** Study material follows **

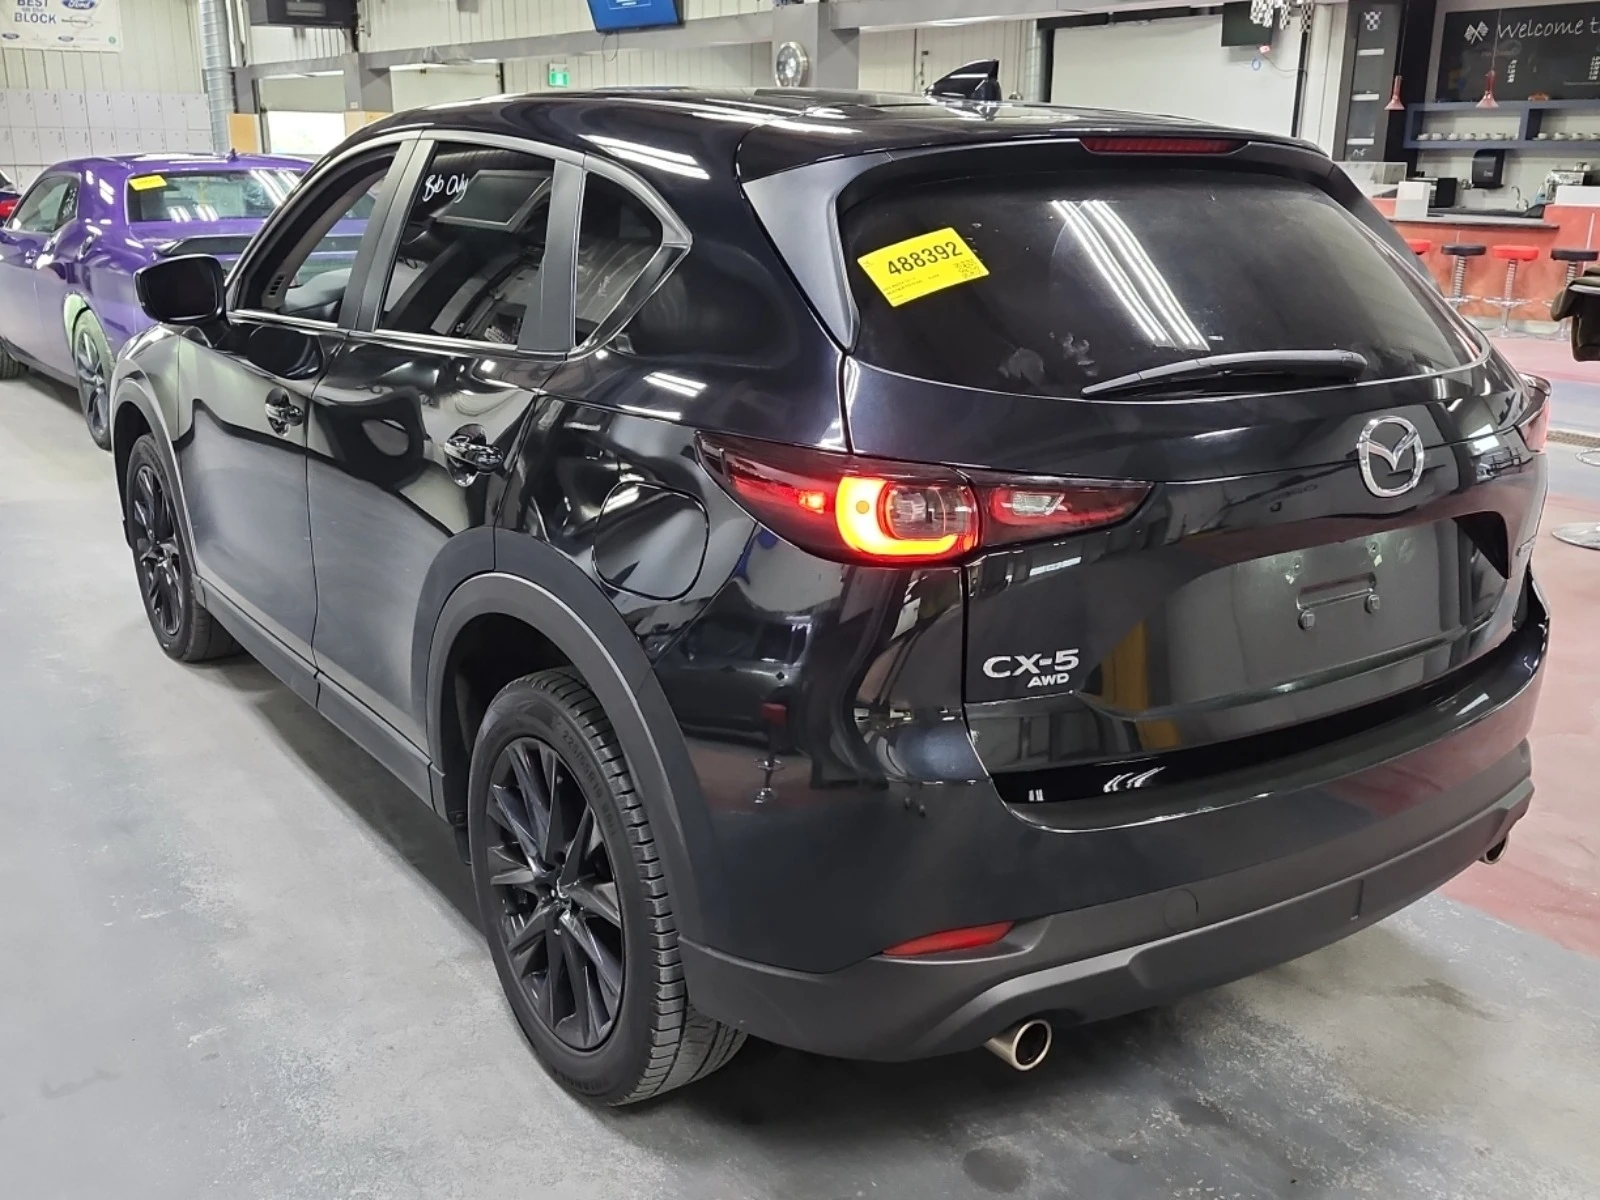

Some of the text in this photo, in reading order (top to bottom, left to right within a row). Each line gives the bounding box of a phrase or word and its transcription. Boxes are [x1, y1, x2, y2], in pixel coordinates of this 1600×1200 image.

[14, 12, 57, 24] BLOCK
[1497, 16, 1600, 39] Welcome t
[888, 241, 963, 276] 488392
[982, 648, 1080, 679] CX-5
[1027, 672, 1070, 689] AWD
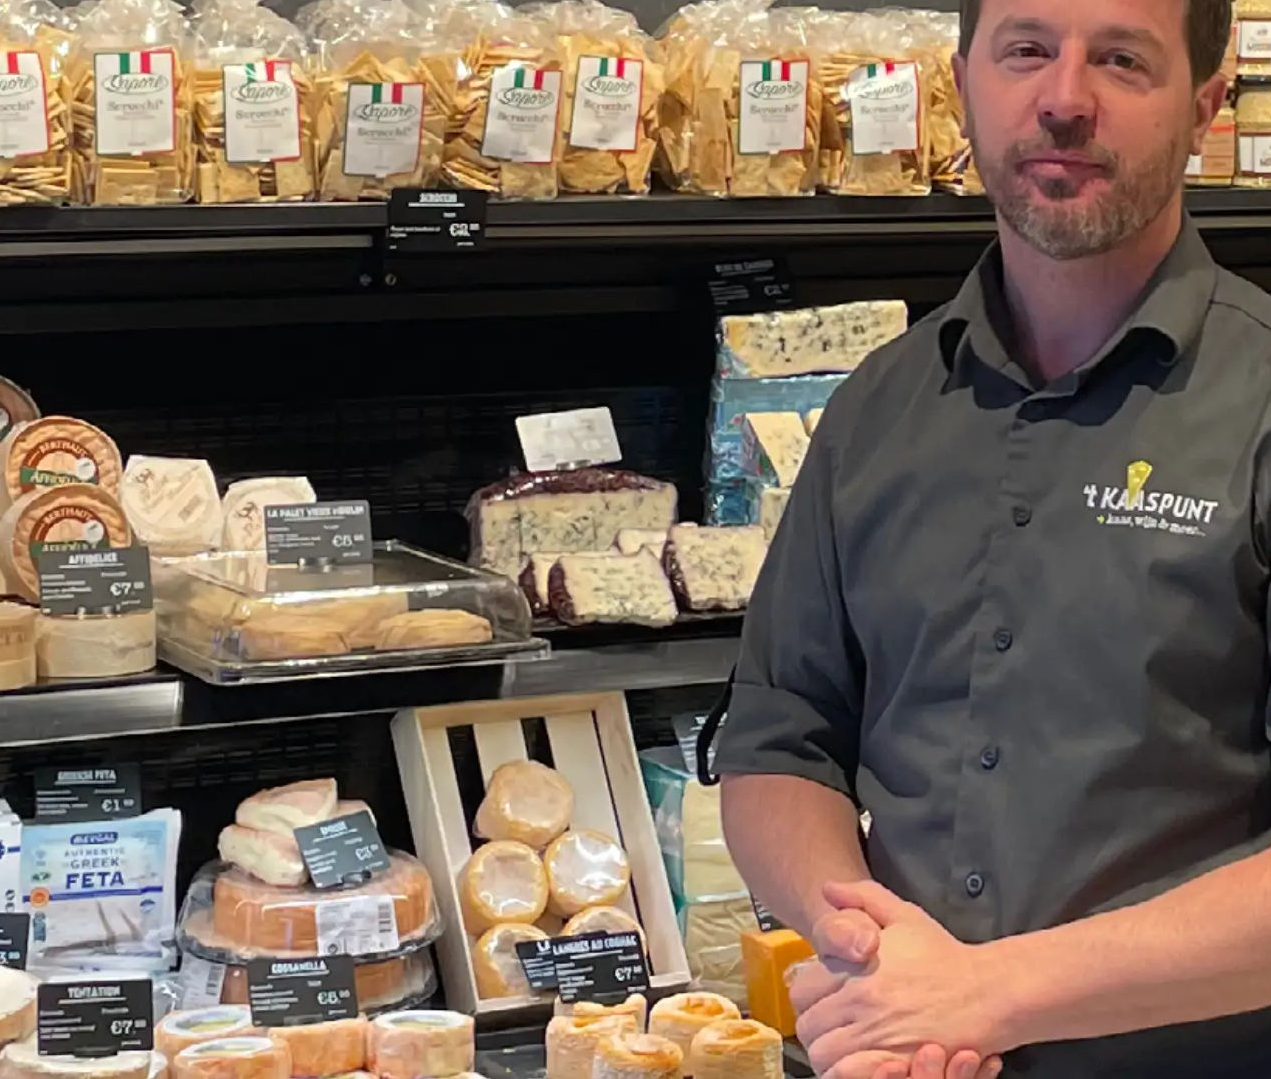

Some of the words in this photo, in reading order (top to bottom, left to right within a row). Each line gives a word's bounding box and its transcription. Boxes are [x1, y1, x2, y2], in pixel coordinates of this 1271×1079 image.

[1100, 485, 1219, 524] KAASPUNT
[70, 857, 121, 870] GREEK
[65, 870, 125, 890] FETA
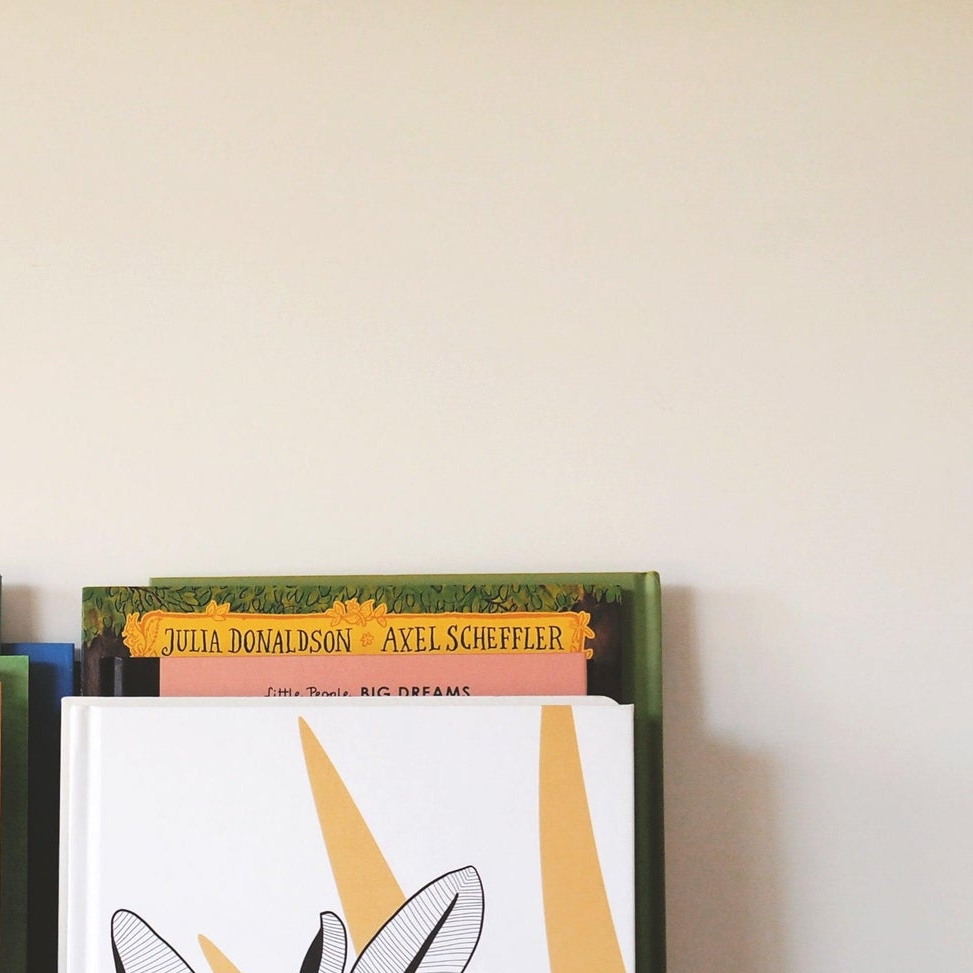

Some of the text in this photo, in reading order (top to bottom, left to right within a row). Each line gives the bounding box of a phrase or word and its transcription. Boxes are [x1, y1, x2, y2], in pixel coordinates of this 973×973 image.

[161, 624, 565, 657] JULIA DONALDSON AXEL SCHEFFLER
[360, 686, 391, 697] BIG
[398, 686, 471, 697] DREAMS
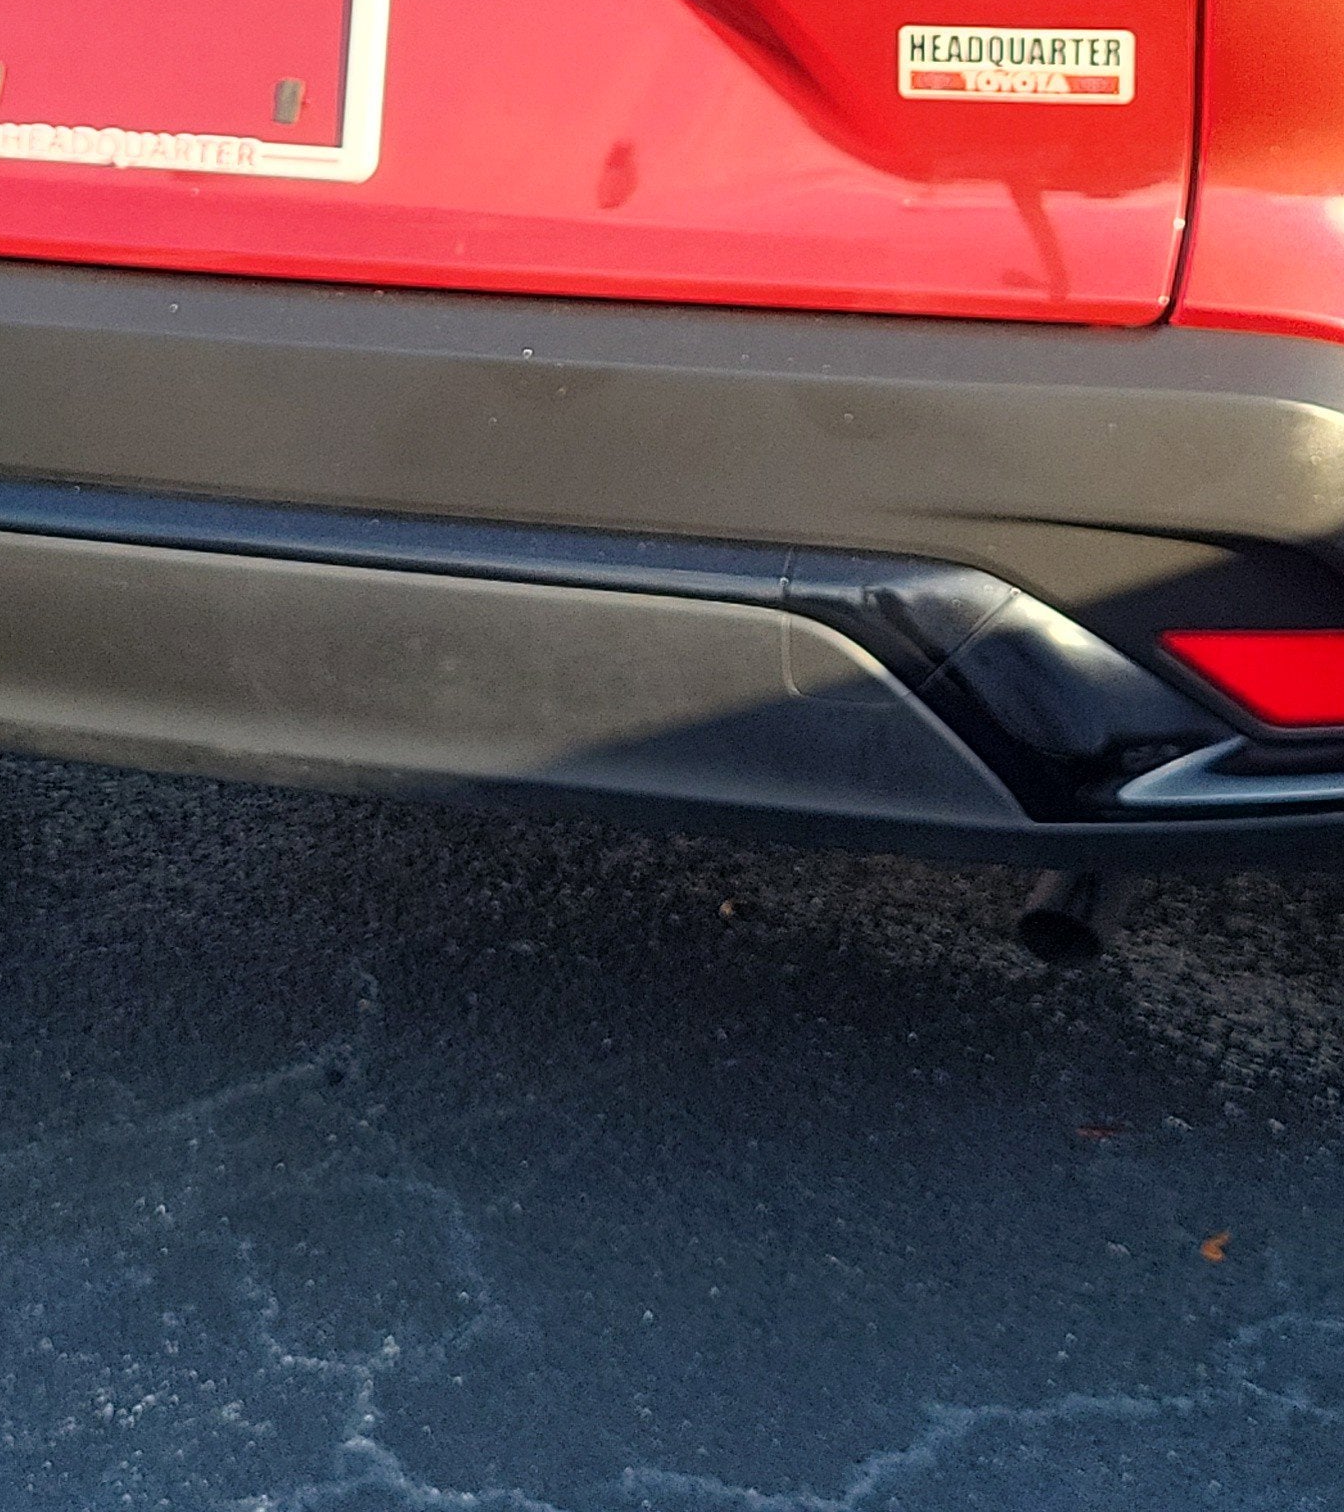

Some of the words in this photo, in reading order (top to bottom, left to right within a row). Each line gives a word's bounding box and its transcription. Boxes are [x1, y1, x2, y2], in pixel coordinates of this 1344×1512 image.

** End of Study material **

• [What the exercise asks]: Give back every record precisely as it stands, without the images.

• [Answer to the exercise]:
Some of the text in this photo, in reading order (top to bottom, left to right within a row). Each line gives the bounding box of a phrase or word and its transcription. Boxes are [x1, y1, x2, y2], in pixel coordinates of this 1600×1200 image.

[14, 12, 57, 24] BLOCK
[1497, 16, 1600, 39] Welcome t
[888, 241, 963, 276] 488392
[982, 648, 1080, 679] CX-5
[1027, 672, 1070, 689] AWD

Some of the words in this photo, in reading order (top to bottom, left to right within a row). Each line gives a word's bounding box and its transcription. Boxes are [x1, y1, x2, y2], in pixel coordinates of this 1271×1079 image.

[1100, 485, 1219, 524] KAASPUNT
[70, 857, 121, 870] GREEK
[65, 870, 125, 890] FETA

Some of the text in this photo, in reading order (top to bottom, left to right within a row). Each line gives the bounding box of a phrase or word and its transcription. Boxes are [x1, y1, x2, y2], in pixel coordinates of this 973×973 image.

[161, 624, 565, 657] JULIA DONALDSON AXEL SCHEFFLER
[360, 686, 391, 697] BIG
[398, 686, 471, 697] DREAMS

Some of the words in this photo, in reading order (top to bottom, left to right within a row). Each line gives a word's bounding box and its transcription. Boxes are [x1, y1, x2, y2], in pixel coordinates of this 1344×1512 image.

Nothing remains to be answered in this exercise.